AIM OF THE TASK
The whole listing, pictures aside, should be reproduced exactly.

AVAILABLE DATA

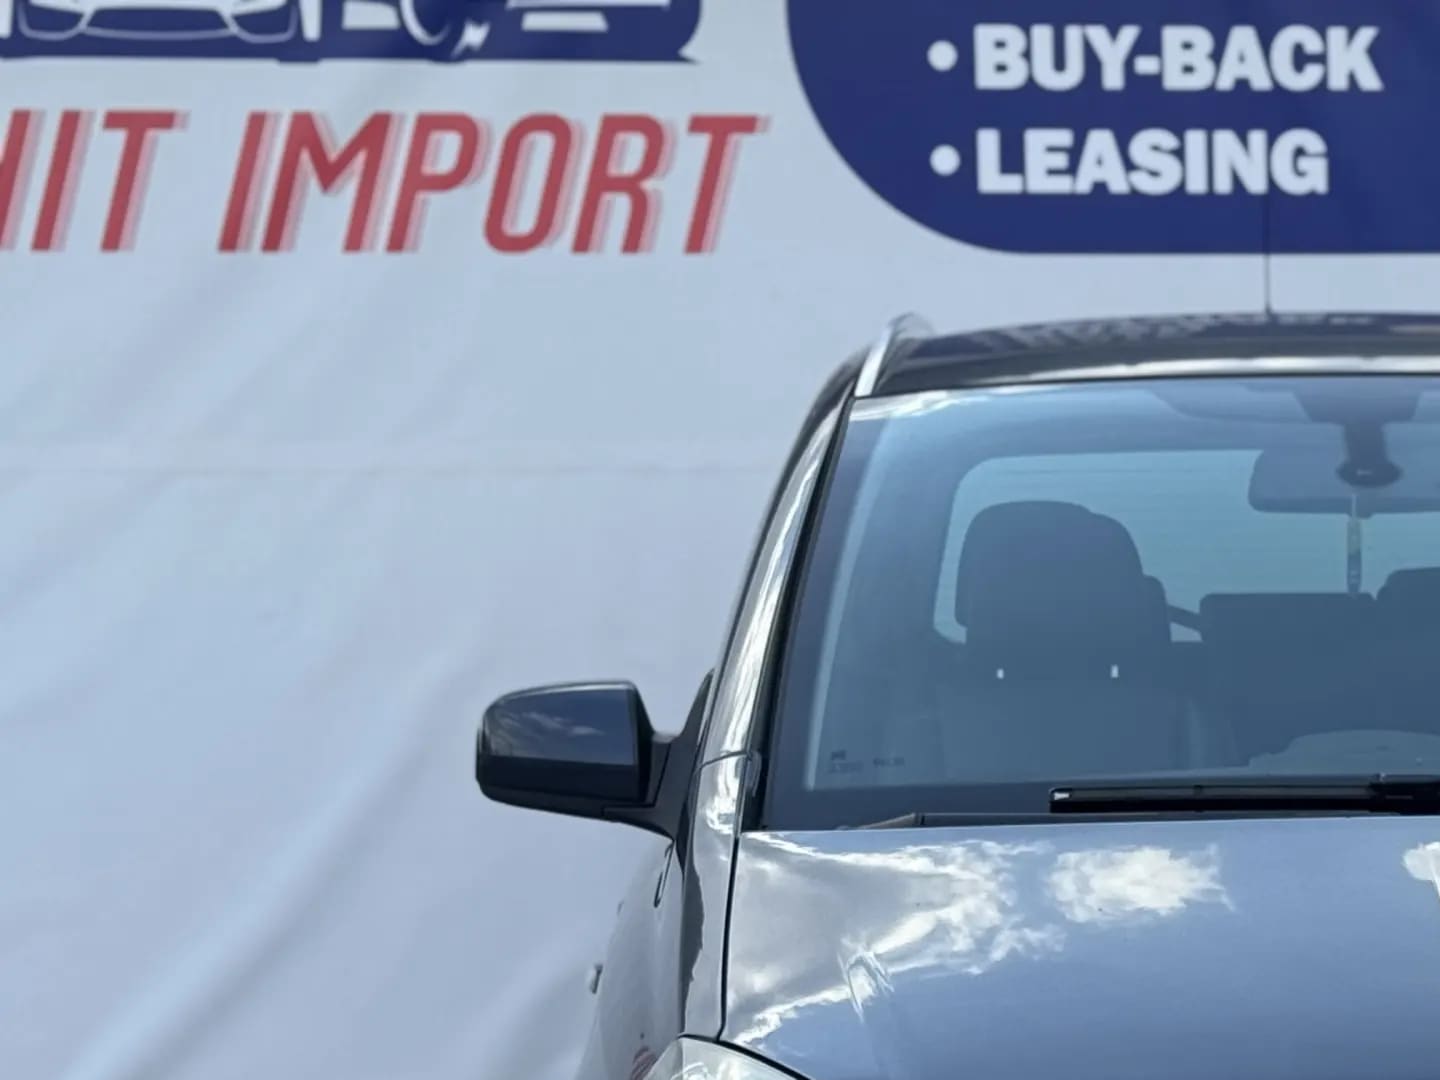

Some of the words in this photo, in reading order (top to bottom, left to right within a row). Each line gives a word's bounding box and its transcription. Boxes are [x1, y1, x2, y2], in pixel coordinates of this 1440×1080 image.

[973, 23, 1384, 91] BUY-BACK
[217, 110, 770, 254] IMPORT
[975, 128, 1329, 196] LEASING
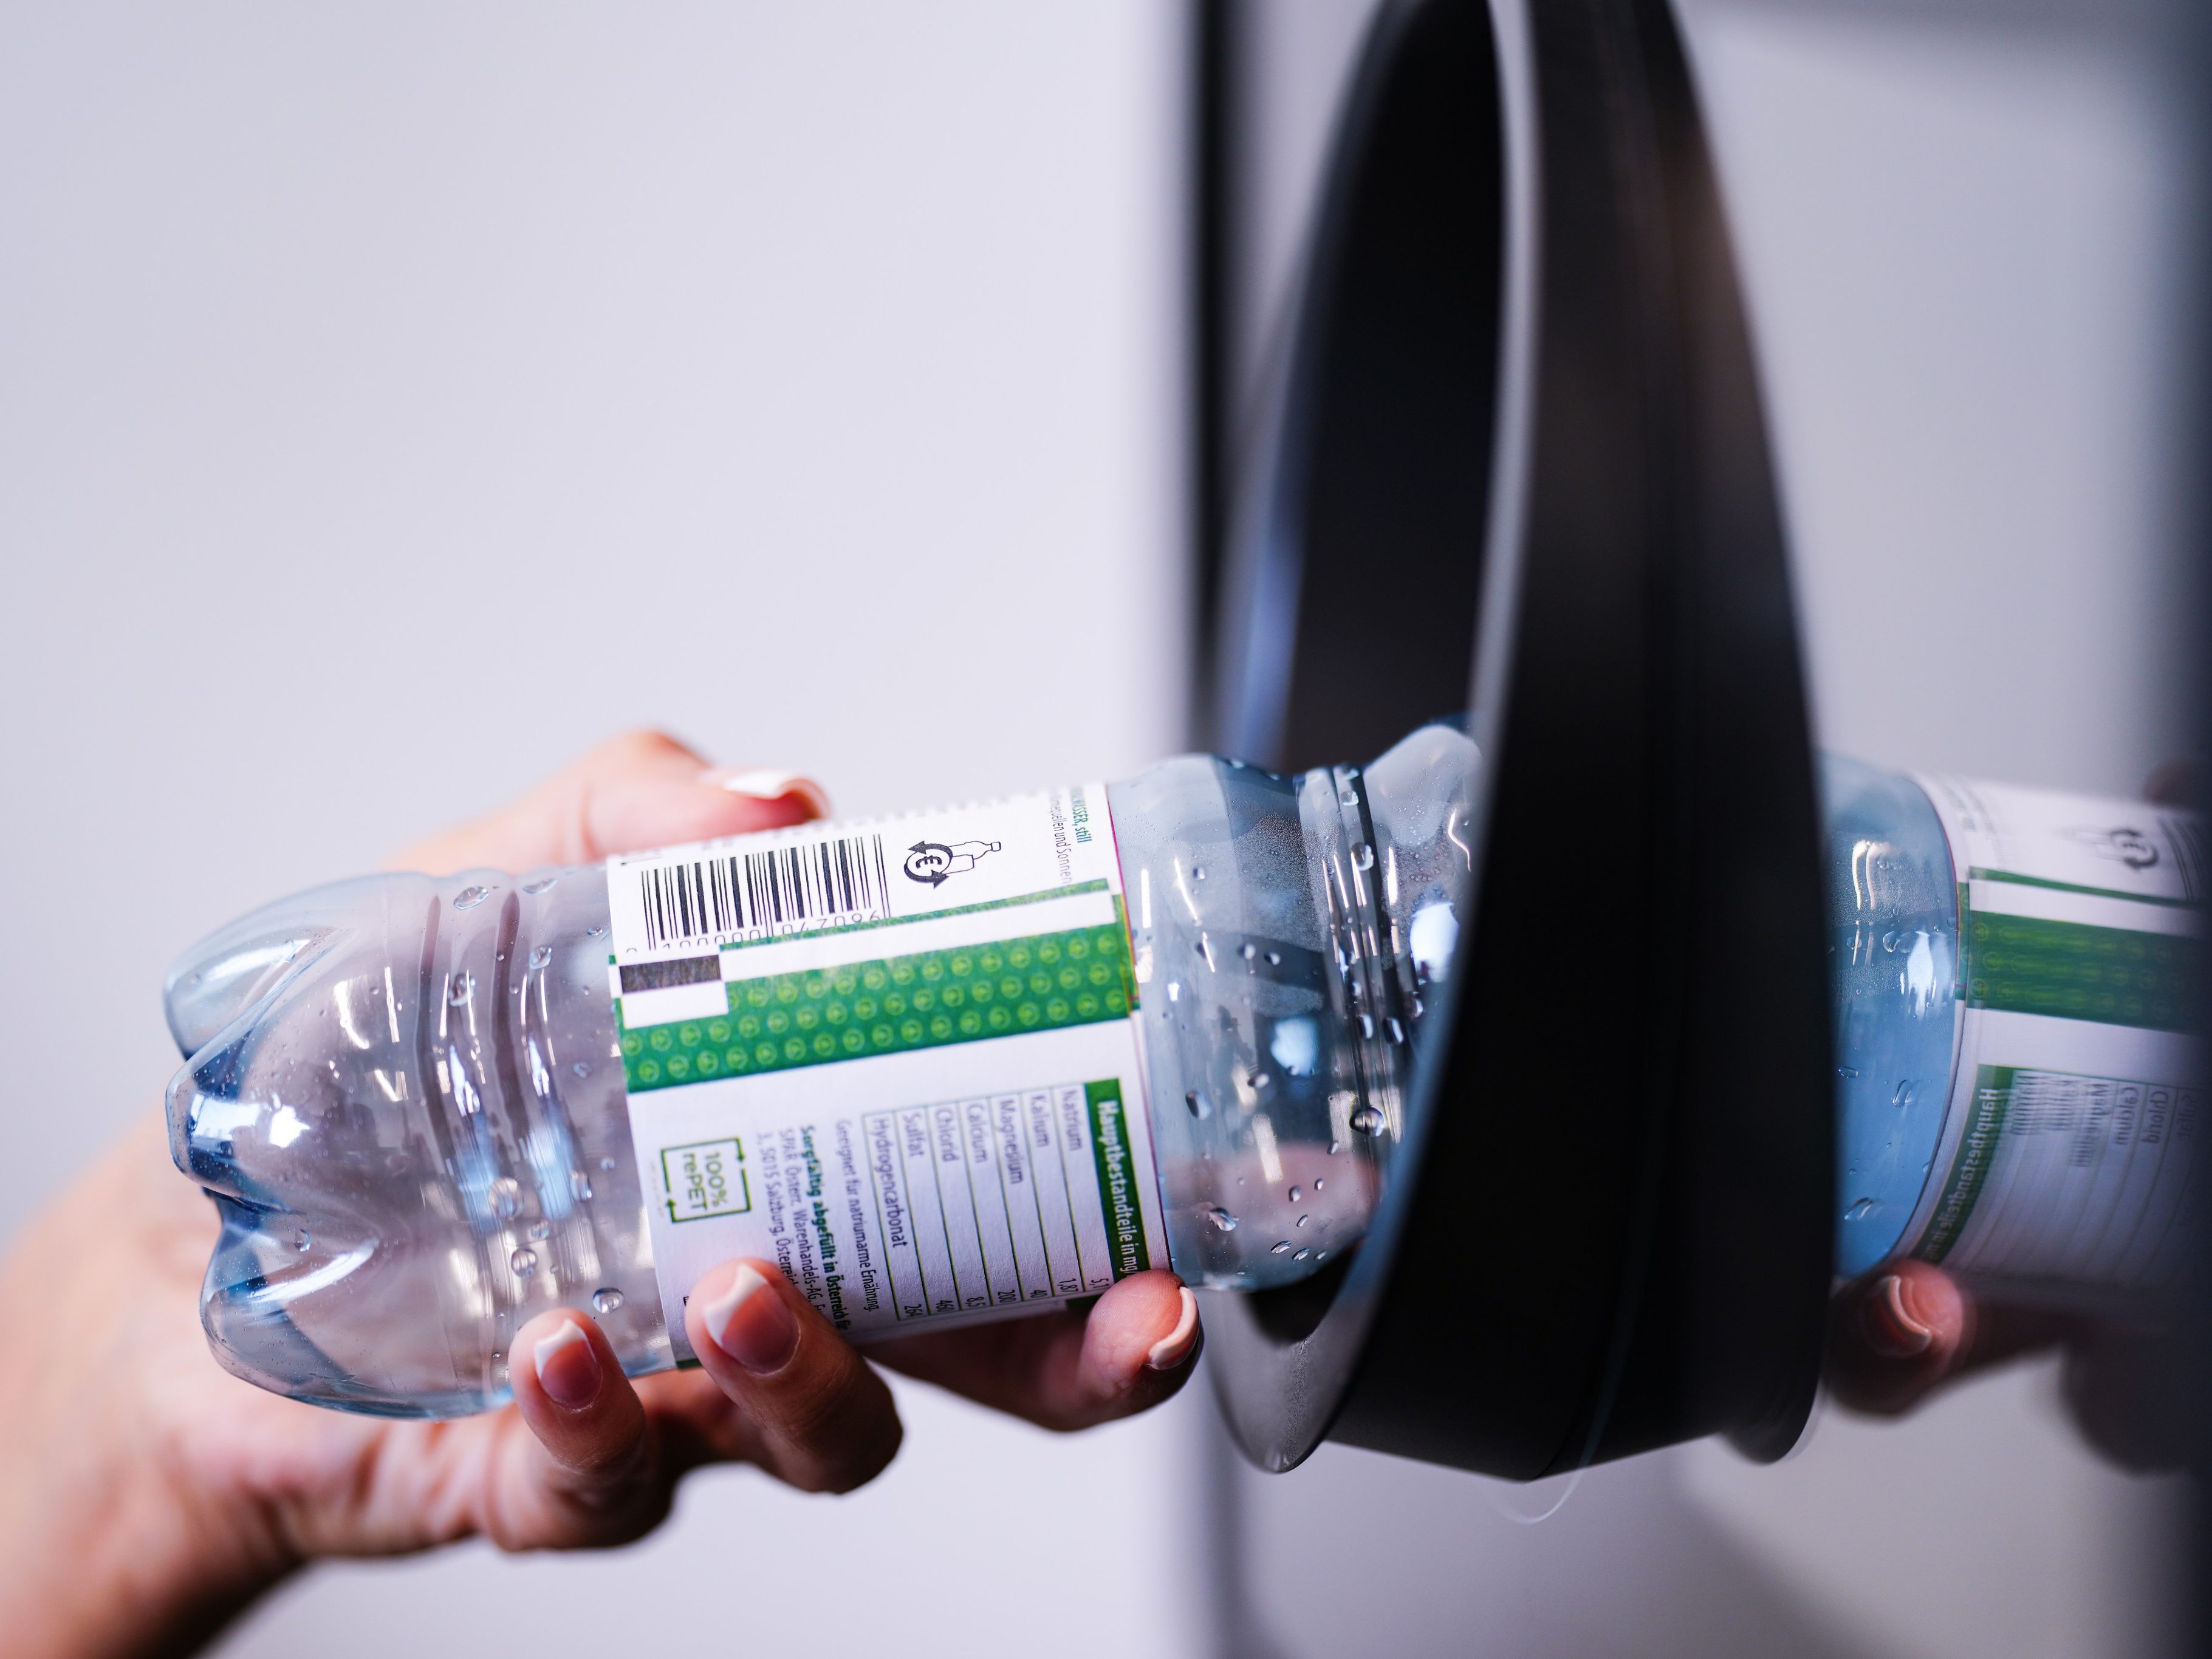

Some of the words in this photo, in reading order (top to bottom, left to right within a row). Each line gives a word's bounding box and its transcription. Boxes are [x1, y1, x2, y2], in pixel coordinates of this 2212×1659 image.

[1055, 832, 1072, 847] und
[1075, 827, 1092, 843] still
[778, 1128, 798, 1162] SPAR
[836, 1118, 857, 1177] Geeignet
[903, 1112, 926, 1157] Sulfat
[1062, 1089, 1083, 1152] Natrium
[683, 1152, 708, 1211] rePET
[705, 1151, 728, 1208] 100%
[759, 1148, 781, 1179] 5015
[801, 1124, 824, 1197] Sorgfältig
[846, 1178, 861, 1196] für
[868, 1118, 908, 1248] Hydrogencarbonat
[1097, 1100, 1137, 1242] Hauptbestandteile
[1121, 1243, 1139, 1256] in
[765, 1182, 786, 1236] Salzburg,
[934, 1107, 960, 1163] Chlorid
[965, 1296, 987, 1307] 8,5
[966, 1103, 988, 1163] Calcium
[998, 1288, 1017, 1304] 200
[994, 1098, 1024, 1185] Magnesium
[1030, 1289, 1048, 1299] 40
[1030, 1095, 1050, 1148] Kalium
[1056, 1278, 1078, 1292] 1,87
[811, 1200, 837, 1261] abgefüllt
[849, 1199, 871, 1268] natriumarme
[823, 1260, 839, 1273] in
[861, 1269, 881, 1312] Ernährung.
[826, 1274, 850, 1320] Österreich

RESPONSE BOX
Some of the words in this photo, in reading order (top to bottom, left to right within a row). Each line gives a word's bounding box and its transcription. Boxes are [x1, y1, x2, y2], in pixel coordinates of this 1440×1080 image.

[973, 23, 1384, 91] BUY-BACK
[217, 110, 770, 254] IMPORT
[975, 128, 1329, 196] LEASING

Some of the words in this photo, in reading order (top to bottom, left to right within a row). Each line gives a word's bounding box and its transcription. Boxes are [x1, y1, x2, y2], in pixel coordinates of this 2212×1659 image.

[1055, 832, 1072, 847] und
[1075, 827, 1092, 843] still
[778, 1128, 798, 1162] SPAR
[836, 1118, 857, 1177] Geeignet
[903, 1112, 926, 1157] Sulfat
[1062, 1089, 1083, 1152] Natrium
[683, 1152, 708, 1211] rePET
[705, 1151, 728, 1208] 100%
[759, 1148, 781, 1179] 5015
[801, 1124, 824, 1197] Sorgfältig
[846, 1178, 861, 1196] für
[868, 1118, 908, 1248] Hydrogencarbonat
[1097, 1100, 1137, 1242] Hauptbestandteile
[1121, 1243, 1139, 1256] in
[765, 1182, 786, 1236] Salzburg,
[934, 1107, 960, 1163] Chlorid
[965, 1296, 987, 1307] 8,5
[966, 1103, 988, 1163] Calcium
[998, 1288, 1017, 1304] 200
[994, 1098, 1024, 1185] Magnesium
[1030, 1289, 1048, 1299] 40
[1030, 1095, 1050, 1148] Kalium
[1056, 1278, 1078, 1292] 1,87
[811, 1200, 837, 1261] abgefüllt
[849, 1199, 871, 1268] natriumarme
[823, 1260, 839, 1273] in
[861, 1269, 881, 1312] Ernährung.
[826, 1274, 850, 1320] Österreich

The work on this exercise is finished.